- RAW DATA -
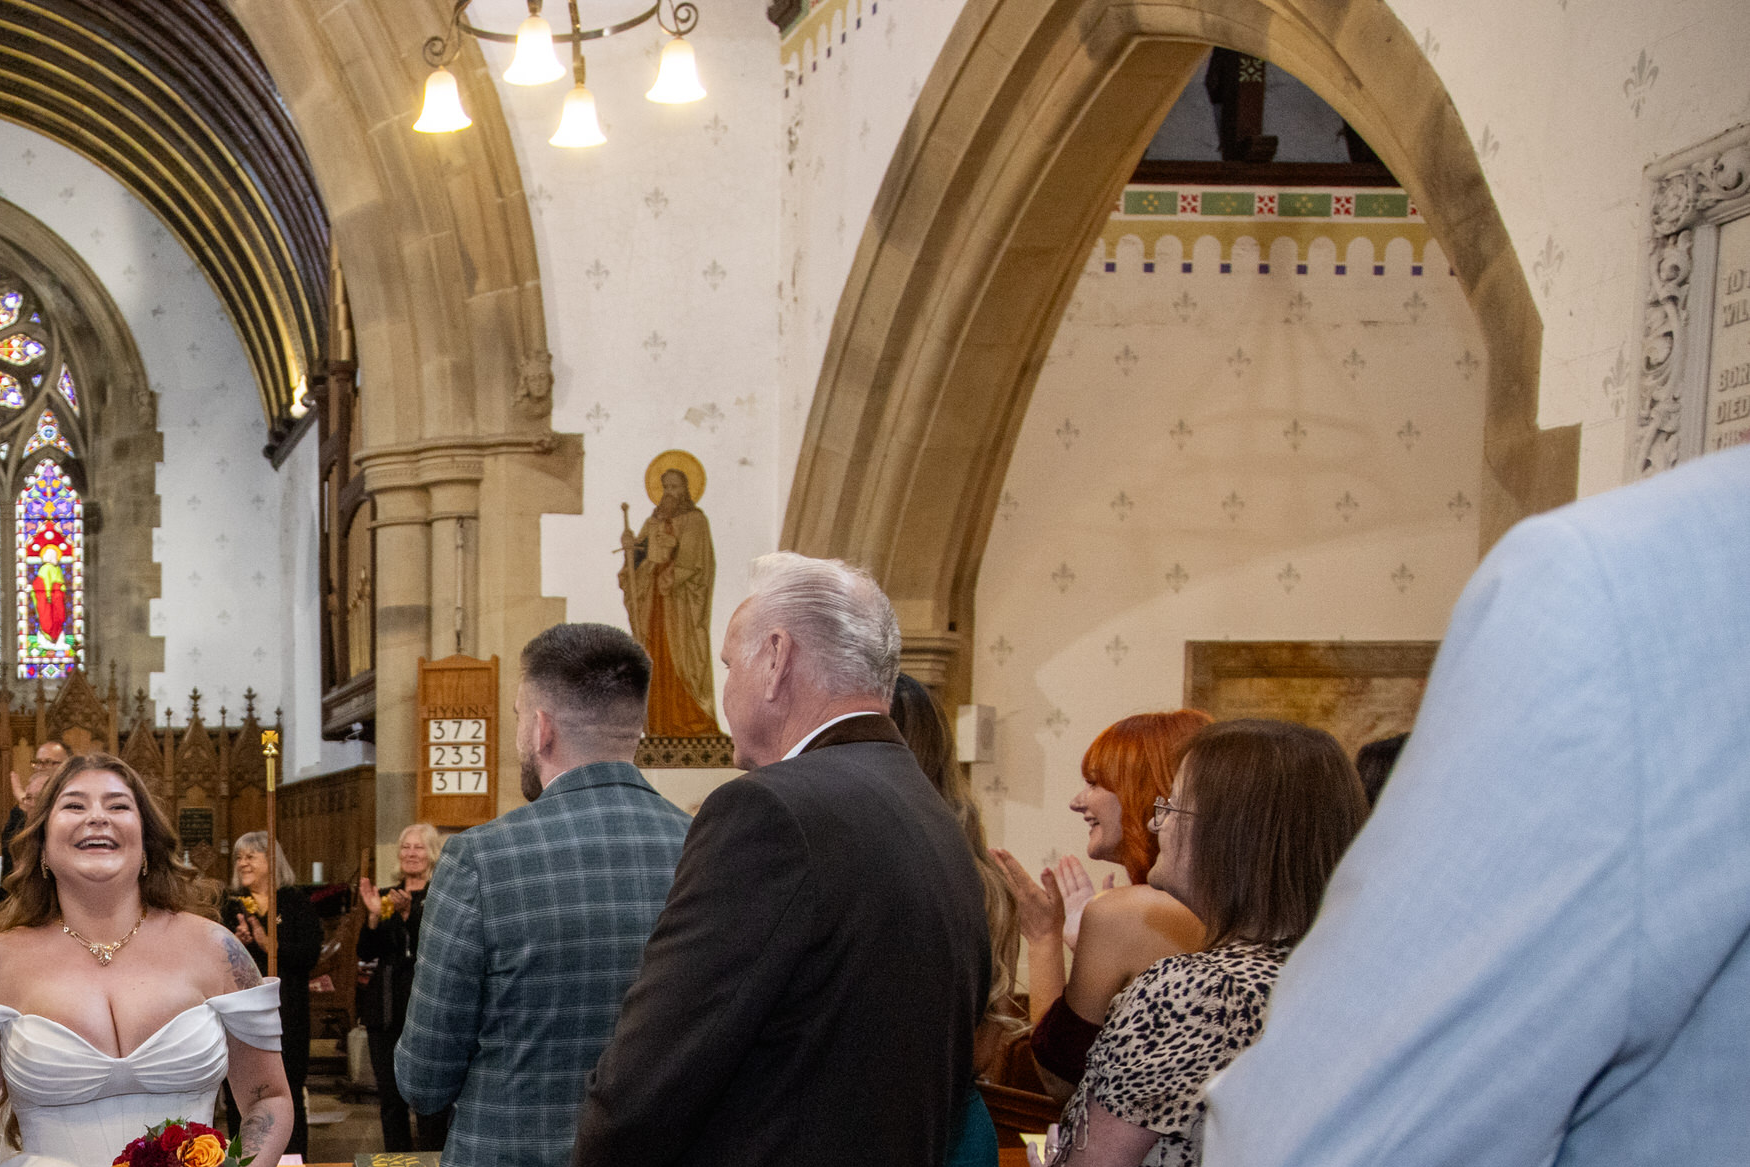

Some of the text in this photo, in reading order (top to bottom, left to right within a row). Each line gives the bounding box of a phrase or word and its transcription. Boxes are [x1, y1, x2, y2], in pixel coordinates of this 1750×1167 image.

[426, 704, 489, 718] HYMNS
[433, 720, 483, 740] 372
[433, 746, 482, 766] 235
[435, 772, 483, 792] 317
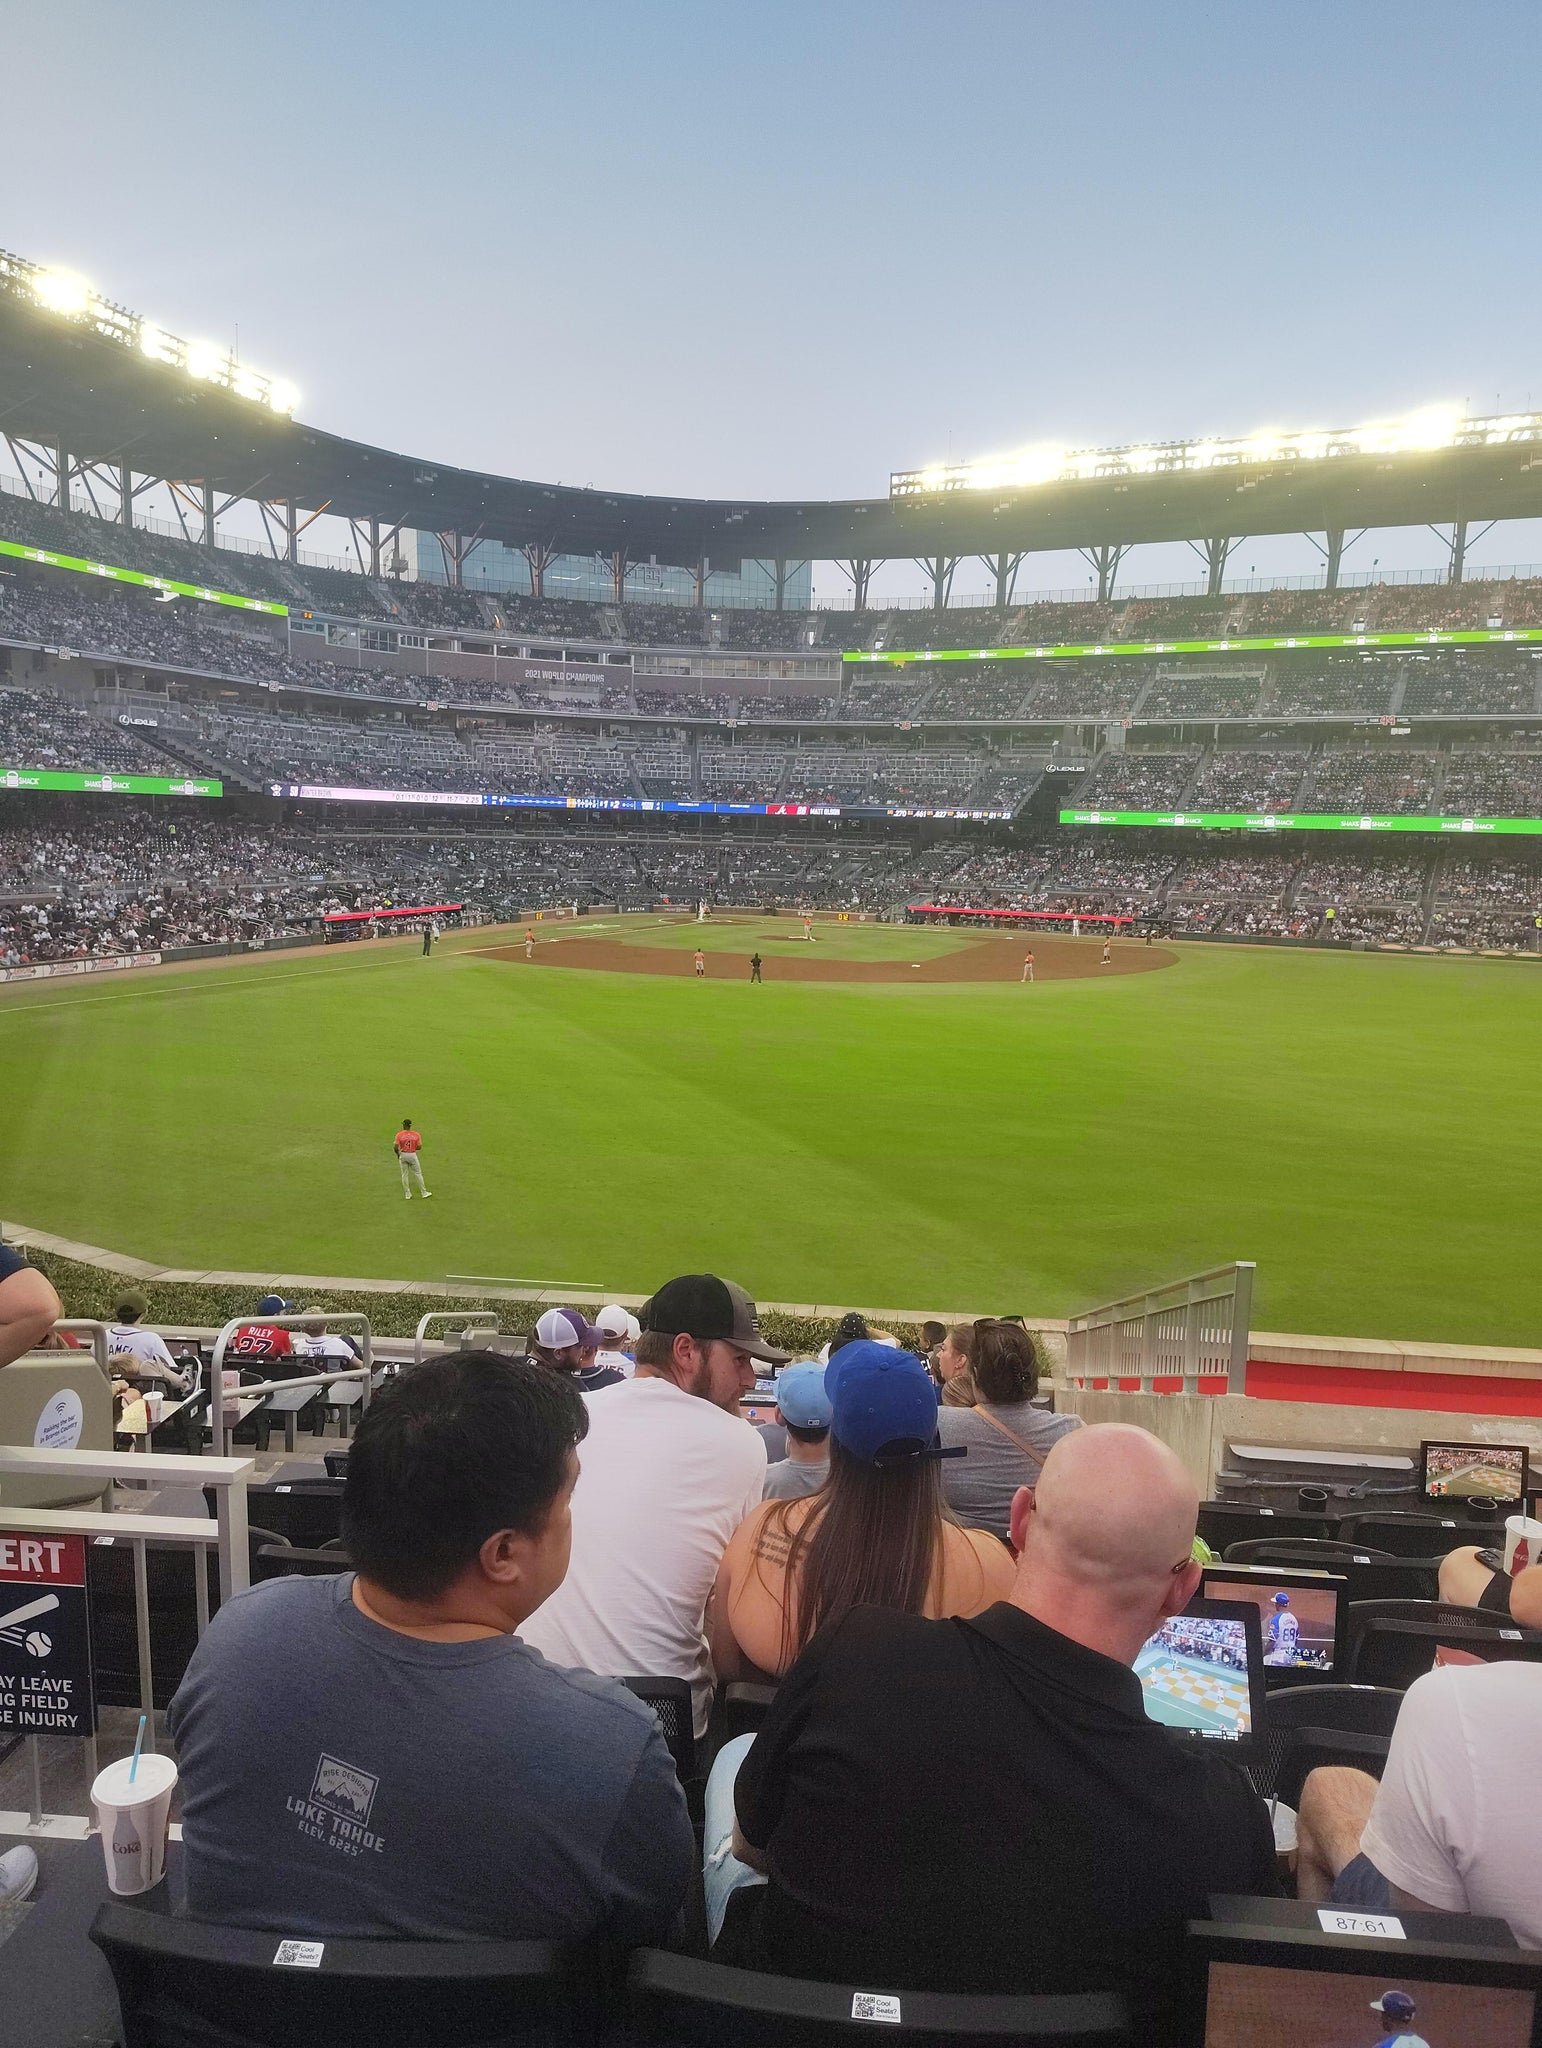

- EXERCISE INSTRUCTIONS -
Output the records above in their entirety and exactly, leaving out all images.

- YOUR RESPONSE -
Some of the text in this photo, in reading order (top to bottom, left to right within a row). Each line gives the bounding box of a phrase or word and its transcription. Boxes are [x1, y1, x2, y2], in pixel coordinates of this 1750×1167 image.

[426, 704, 489, 718] HYMNS
[433, 720, 483, 740] 372
[433, 746, 482, 766] 235
[435, 772, 483, 792] 317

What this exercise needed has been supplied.